Data for analysis:

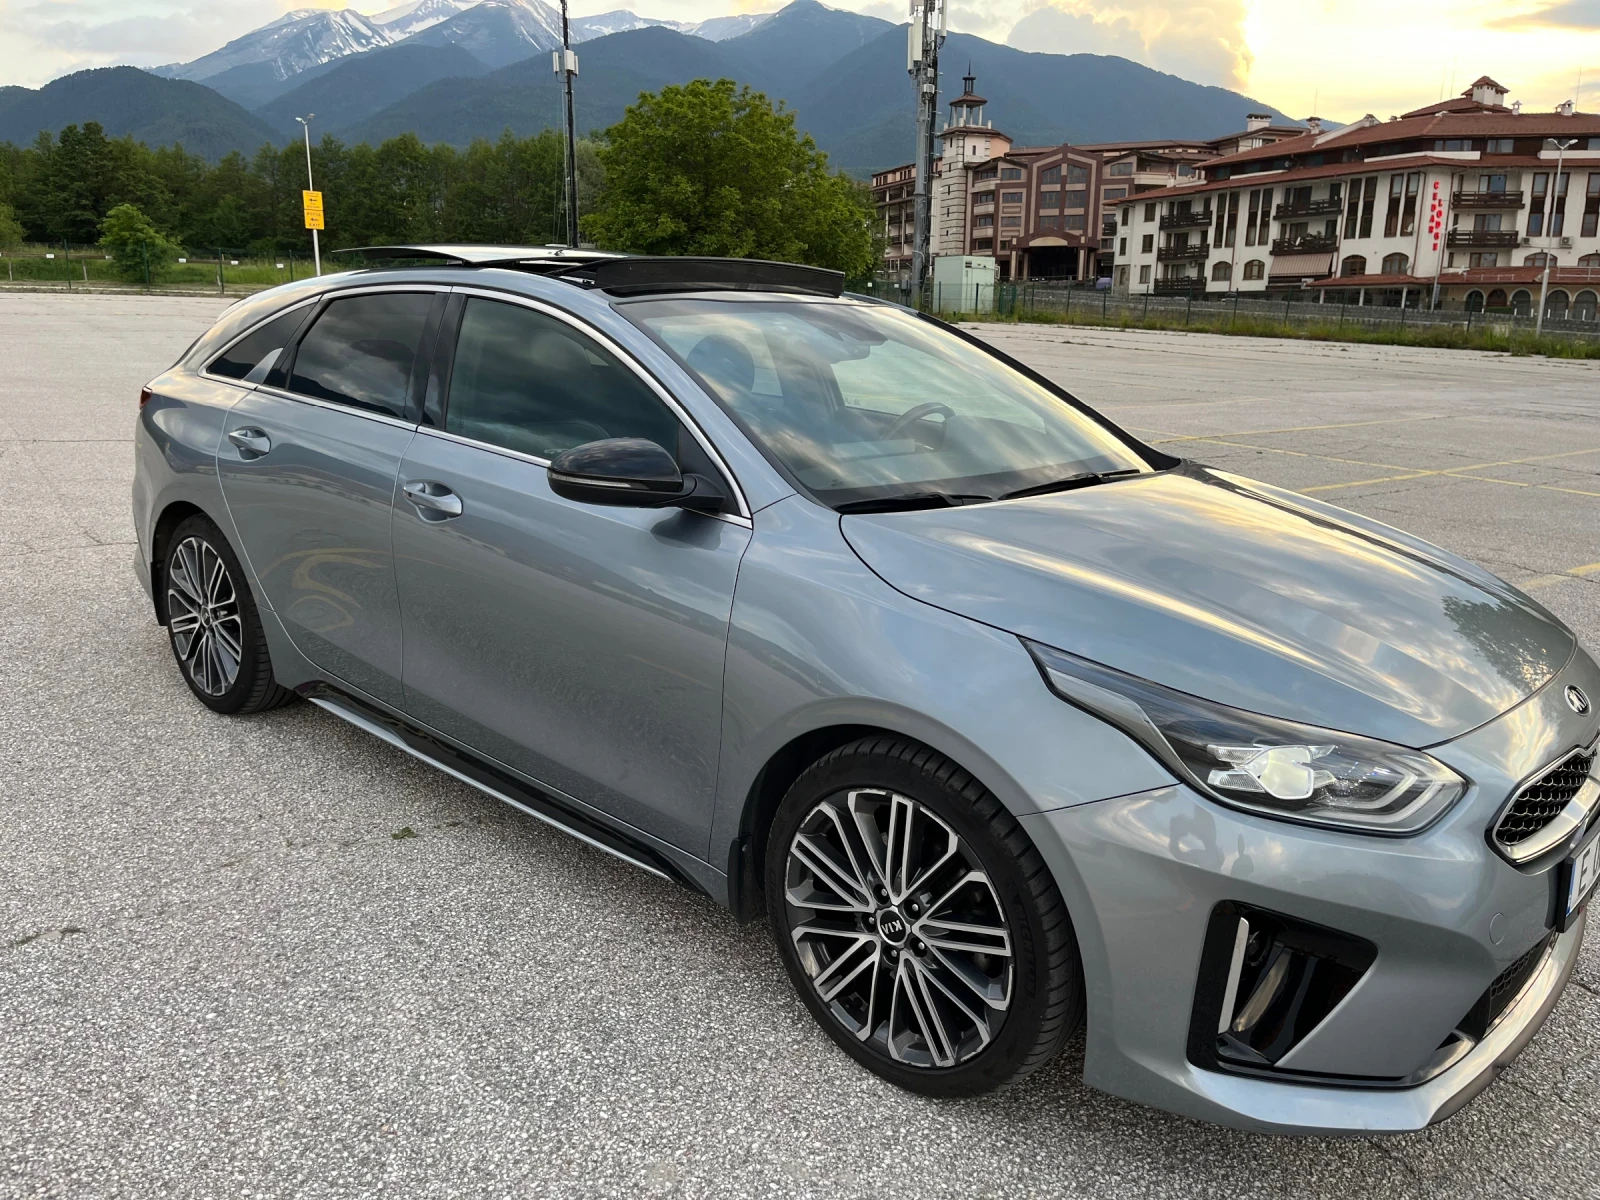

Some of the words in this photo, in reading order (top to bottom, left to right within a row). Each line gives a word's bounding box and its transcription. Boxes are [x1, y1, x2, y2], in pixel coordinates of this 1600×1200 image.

[1428, 181, 1440, 234] CEDAR
[1432, 199, 1443, 251] LODGE
[881, 920, 903, 934] KIA
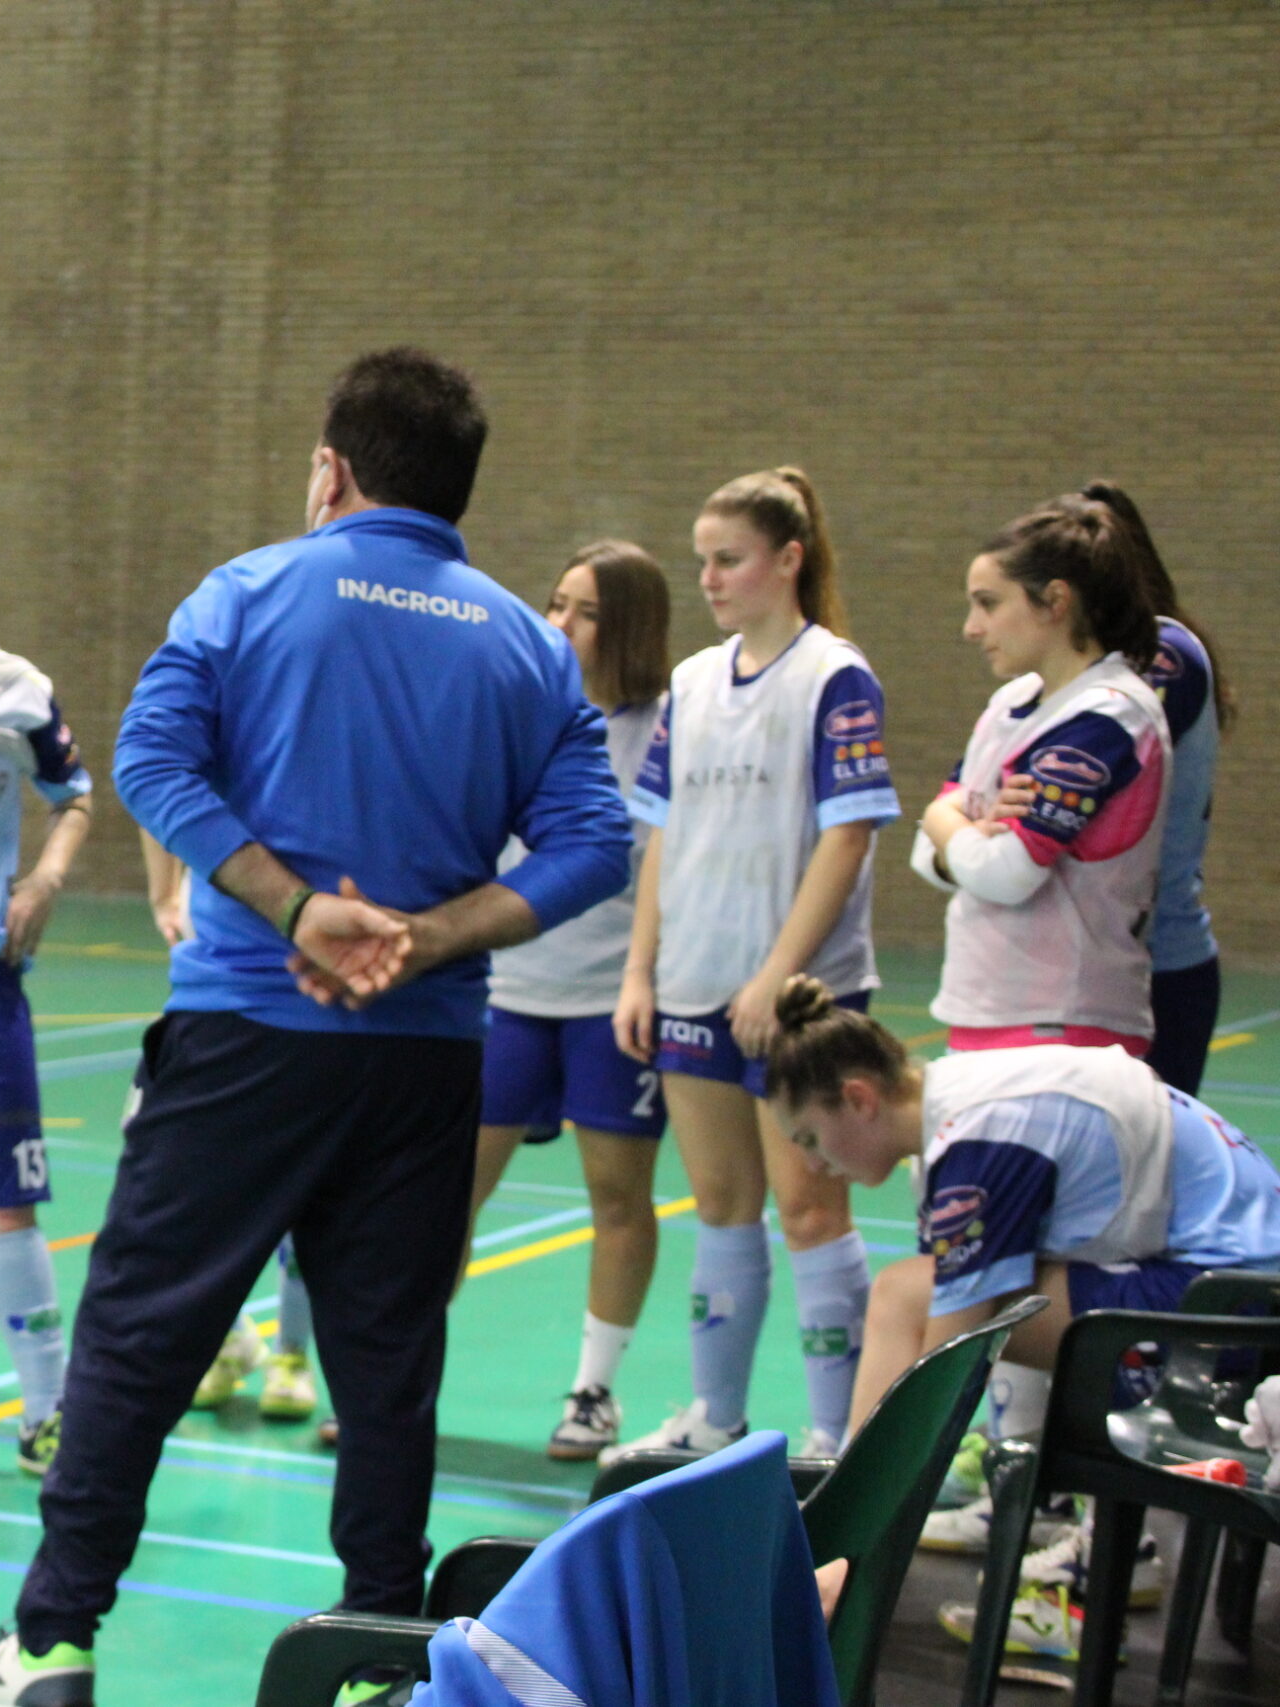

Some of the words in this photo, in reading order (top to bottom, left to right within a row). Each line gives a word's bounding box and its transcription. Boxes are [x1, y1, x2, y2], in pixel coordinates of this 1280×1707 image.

[336, 577, 490, 625] INAGROUP
[631, 1070, 658, 1117] 2
[11, 1139, 47, 1190] 13

Assignment: Exactly reproduce each record, leaving out any pictures.

Reply:
Some of the words in this photo, in reading order (top to bottom, left to right within a row). Each line gives a word's bounding box and its transcription. Boxes are [x1, y1, x2, y2], in pixel coordinates of this 1600×1200 image.

[1428, 181, 1440, 234] CEDAR
[1432, 199, 1443, 251] LODGE
[881, 920, 903, 934] KIA

Some of the words in this photo, in reading order (top to bottom, left to right within a row). Each line gives a word's bounding box and its transcription. Boxes are [x1, y1, x2, y2], in pixel coordinates of this 1280×1707 image.

[336, 577, 490, 625] INAGROUP
[631, 1070, 658, 1117] 2
[11, 1139, 47, 1190] 13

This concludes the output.